As many as 14 students of Aligarh Muslim University Wednesday were booked for charges of sedition under Section 124A and other sections of the IPC for allegedly raising pro-Pakistan and anti-India slogans. Some AMU students reportedly got into an altercation with reporters of a media organisation on campus during a protest they had staged ahead of AIMIM lawmaker Asaduddin Owaisi’s visit to the university on Tuesday. According to the police, the violence spread outside the campus and a Bharatiya Janta Yuva Morcha (BJYM) worker was assaulted by the protesting students.

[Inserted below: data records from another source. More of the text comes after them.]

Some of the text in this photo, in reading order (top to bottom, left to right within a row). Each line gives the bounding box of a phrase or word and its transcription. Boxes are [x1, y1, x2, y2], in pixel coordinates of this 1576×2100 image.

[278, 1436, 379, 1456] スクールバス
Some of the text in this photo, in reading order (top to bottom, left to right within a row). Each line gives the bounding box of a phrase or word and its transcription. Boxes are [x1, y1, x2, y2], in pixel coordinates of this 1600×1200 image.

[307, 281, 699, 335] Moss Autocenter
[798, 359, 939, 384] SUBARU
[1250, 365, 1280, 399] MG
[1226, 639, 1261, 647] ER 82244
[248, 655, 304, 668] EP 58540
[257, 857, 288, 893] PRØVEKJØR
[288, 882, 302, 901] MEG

In the Jawaharlal Nehru University sedition case, Delhi Police has named 11 students in their chargesheet for raising “anti-national slogans” during a student event in the campus on February 9, 2016. Apart from Kanhaiya Kumar who was the students’ union president then, Umar Khalid and Anirban Bhattacharya eight others have been named as the main accused. Currently, the court has granted the police time till February 28 to procure the requisite documents to prosecute the accused in the case.
What is sedition?
The Indian Penal Code defines Section 124A of the IPC as an offence committed when any person by words or otherwise brings or attempts to bring into hatred or contempt, or excites or attempts to excite disaffection towards, the government established by law. Three explanations were added to the provision that laid down ‘disaffection’ as inclusive of disloyalty and all feelings of enmity, while comments without exciting or attempting to excite hatred, contempt or disaffection, will not constitute an offence.
What is not sedition?
What does not constitute as sedition is when “comments, however strongly worded, expressing disapprobation of actions of the Government, without exciting those feelings which generate the inclination to cause public disorder by acts of violence”.

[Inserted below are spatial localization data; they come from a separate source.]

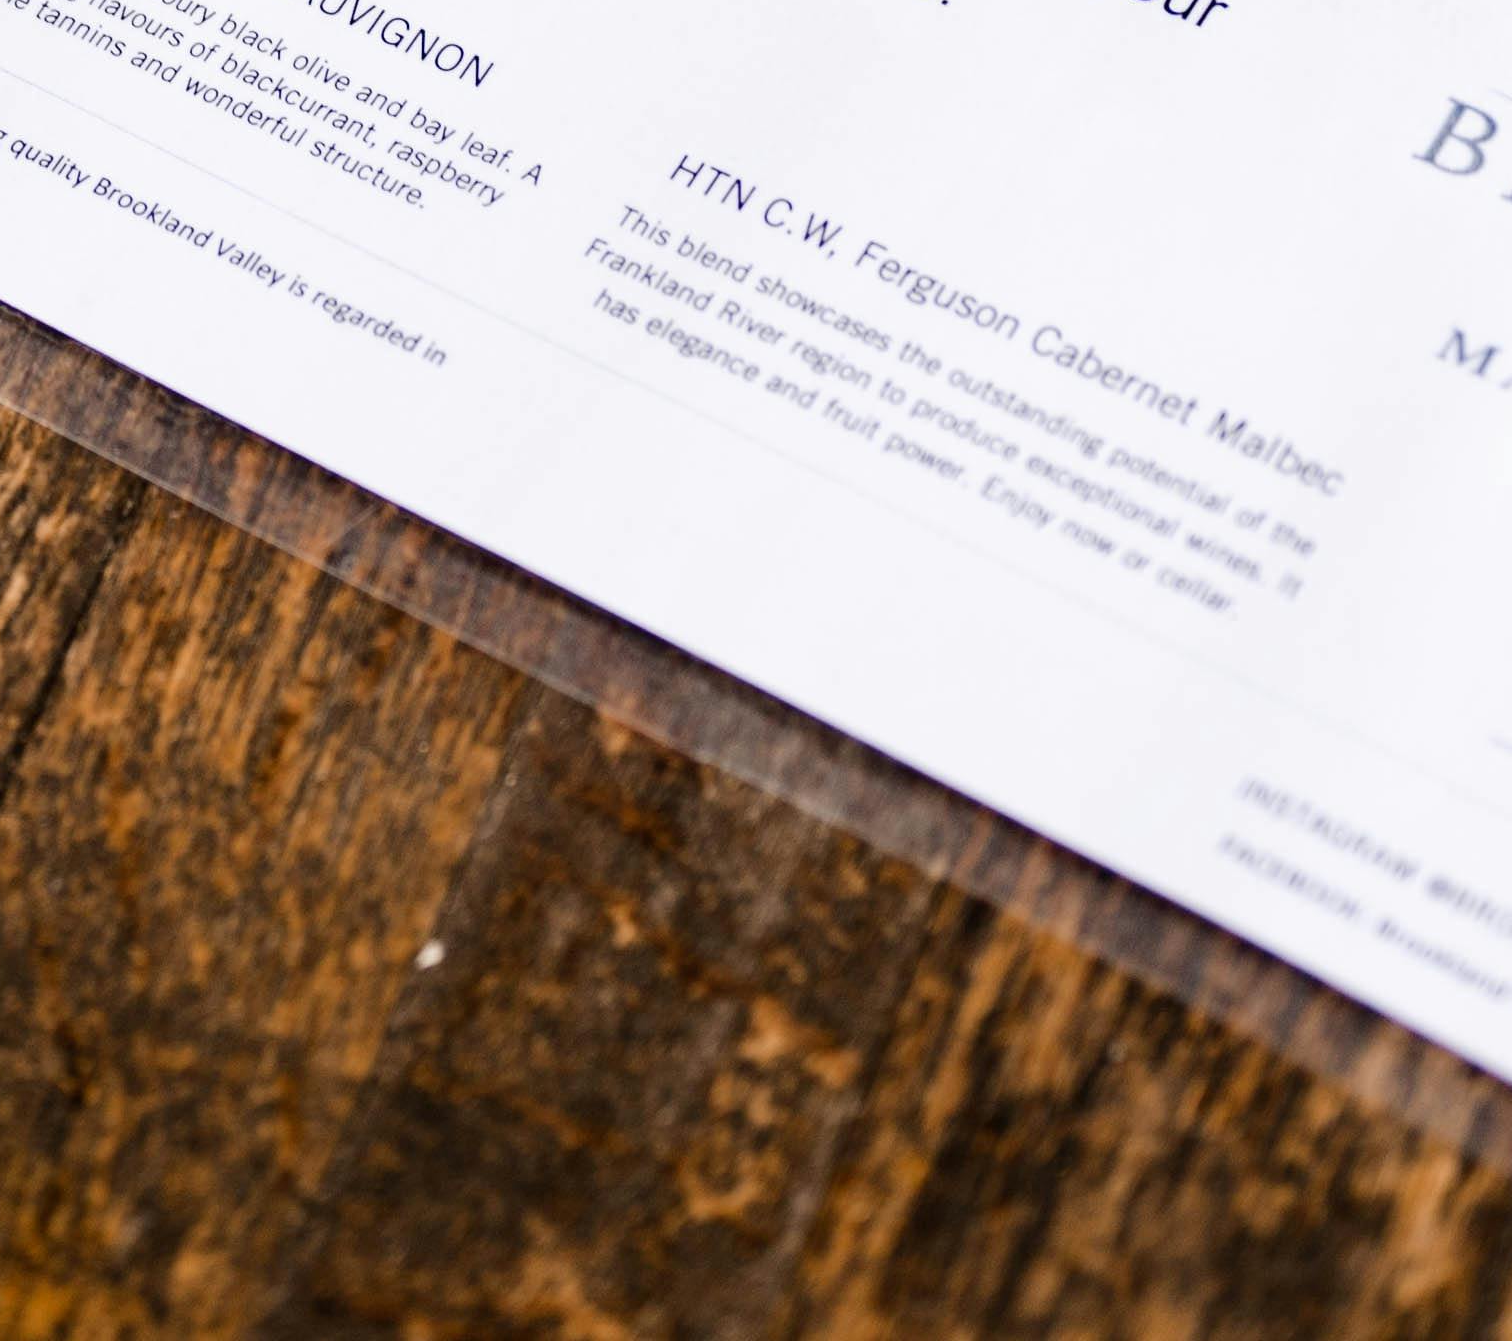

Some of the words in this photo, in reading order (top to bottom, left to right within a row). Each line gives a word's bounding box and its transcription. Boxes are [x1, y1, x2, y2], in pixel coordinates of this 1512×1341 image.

[36, 0, 127, 57] tannins
[130, 51, 183, 83] and
[185, 77, 308, 147] wonderful
[309, 140, 424, 209] structure.
[189, 42, 221, 62] of
[220, 52, 376, 149] blackcurrant,
[387, 140, 505, 207] raspberry
[220, 13, 287, 61] black
[292, 55, 351, 92] olive
[355, 86, 408, 118] and
[409, 107, 456, 145] bay
[460, 132, 514, 173] leaf.
[521, 164, 542, 186] A
[10, 139, 91, 189] quality
[92, 177, 214, 248] Brookland
[217, 238, 286, 288] Valley
[287, 279, 309, 298] is
[311, 291, 423, 353] regarded
[422, 342, 447, 366] in
[670, 154, 756, 211] HTN
[855, 240, 1021, 340] Ferguson
[1031, 325, 1198, 426] Cabernet
[1207, 408, 1345, 497] Malbec
[584, 237, 715, 312] Frankland
[718, 300, 787, 345] River
[791, 340, 873, 390] region
[879, 378, 907, 406] to
[908, 398, 1020, 461] produce
[1024, 455, 1181, 537] exceptional
[593, 288, 641, 325] has
[645, 317, 761, 383] elegance
[764, 374, 820, 410] and
[822, 398, 881, 441] fruit
[980, 474, 1056, 529] Enjoy
[1060, 520, 1117, 556] now
[1121, 550, 1151, 571] or
[619, 205, 671, 246] This
[676, 234, 753, 284] blend
[754, 276, 892, 353] showcases
[898, 340, 943, 376] the
[947, 368, 1105, 460] outstanding
[1105, 447, 1232, 514] potential
[1234, 509, 1268, 531] of
[1269, 521, 1317, 559] the

“A citizen has a right to say or write whatever he likes about the Government, or its measures, by way of criticism or comment, so long as he does not incite people to violence against the Government established by law or with the intention of creating public disorder,” the Constitution Bench of the Supreme Court maintained during ruled in the Kedar Nath case of 1962.
It added that, “commenting in strong terms upon the measures or acts of Government, or its agencies, so as to ameliorate the condition of the people or to secure the cancellation or alteration of those acts or measures by lawful means, that is to say, without exciting those feelings of enmity and disloyalty which imply excitement to public disorder or the use of violence”, is not sedition.